Items from a data source:
★ ★ ★ ★ ★ ★ ★

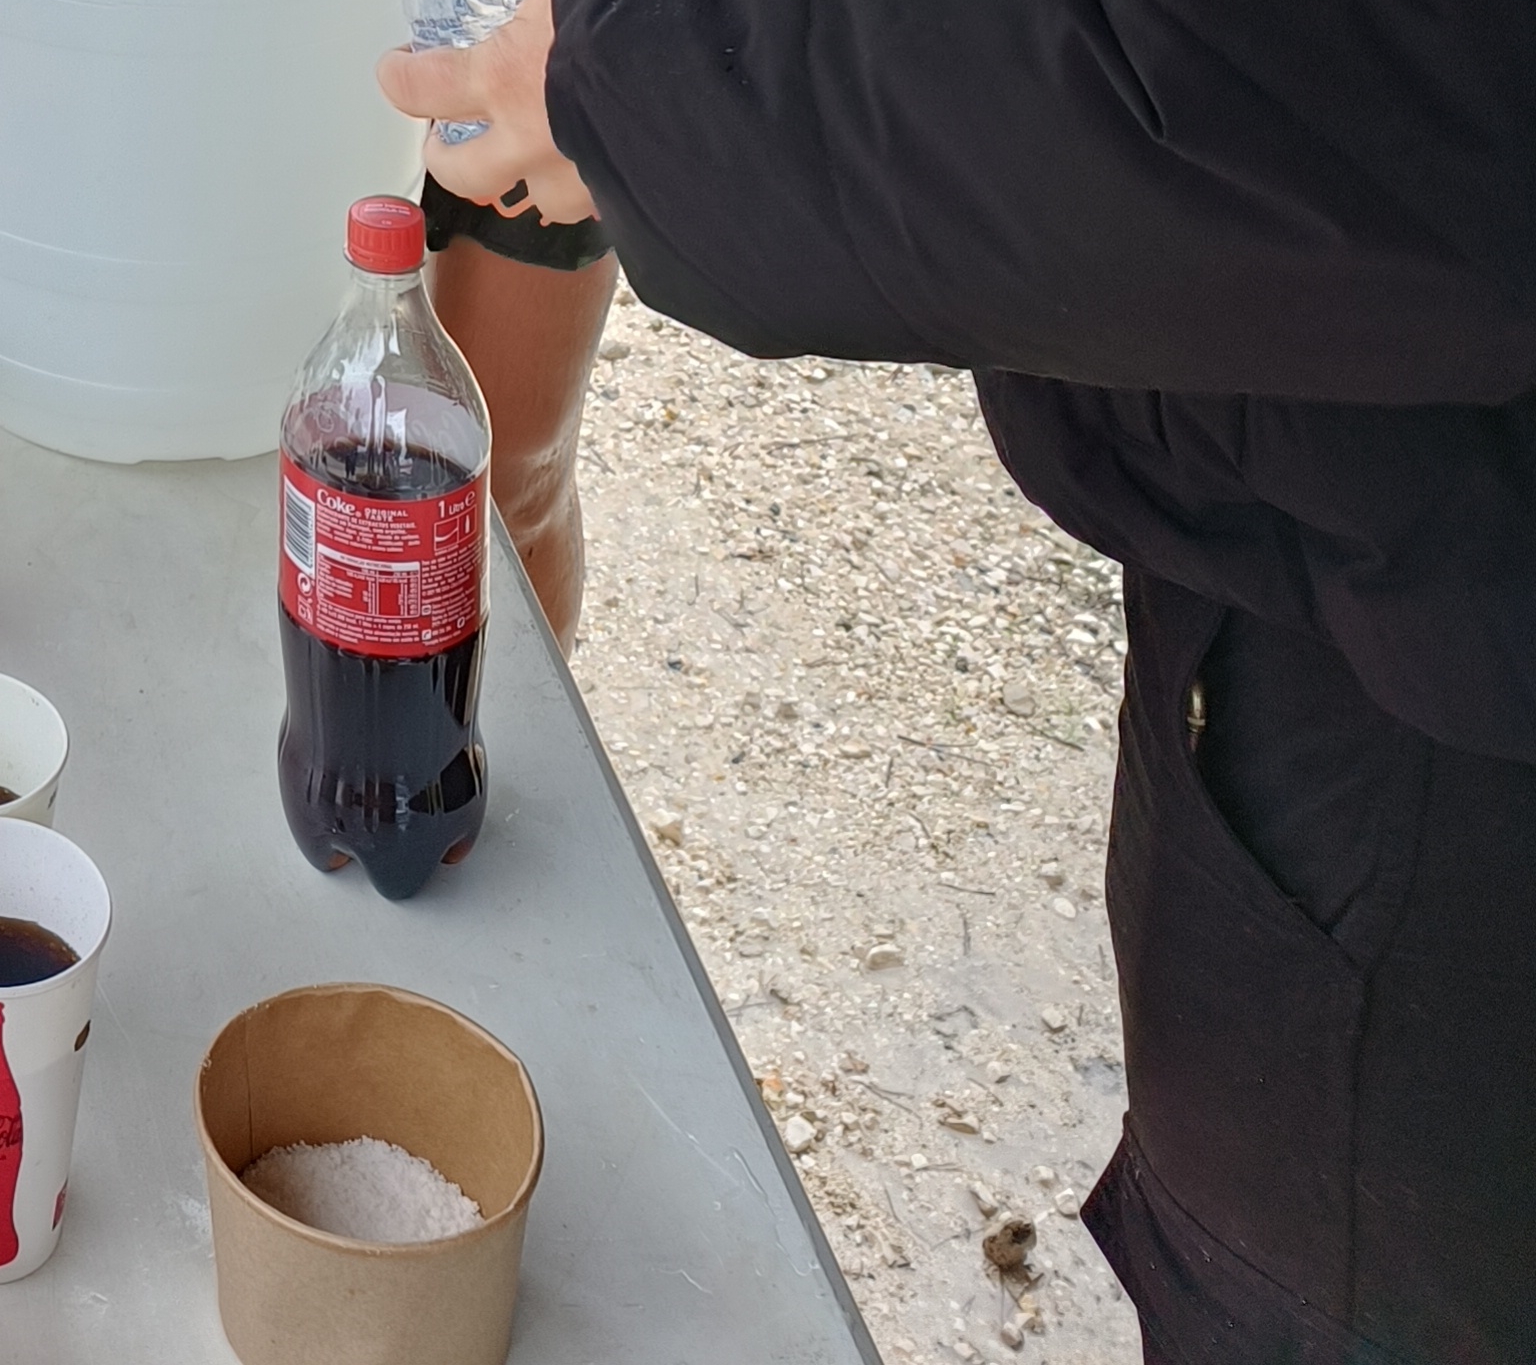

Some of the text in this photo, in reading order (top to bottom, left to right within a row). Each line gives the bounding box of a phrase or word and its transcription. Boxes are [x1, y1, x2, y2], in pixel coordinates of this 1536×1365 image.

[317, 488, 356, 516] Coke
[438, 499, 445, 518] 1
[448, 500, 465, 515] Litro
[363, 507, 408, 518] ORIGINAL

★ ★ ★ ★ ★ ★ ★

§ **Your objective**: Faithful copy, images left out: write out every line of data.

§ **Task output**:
Some of the text in this photo, in reading order (top to bottom, left to right within a row). Each line gives the bounding box of a phrase or word and its transcription. Boxes are [x1, y1, x2, y2], in pixel coordinates of this 1536×1365 image.

[317, 488, 356, 516] Coke
[438, 499, 445, 518] 1
[448, 500, 465, 515] Litro
[363, 507, 408, 518] ORIGINAL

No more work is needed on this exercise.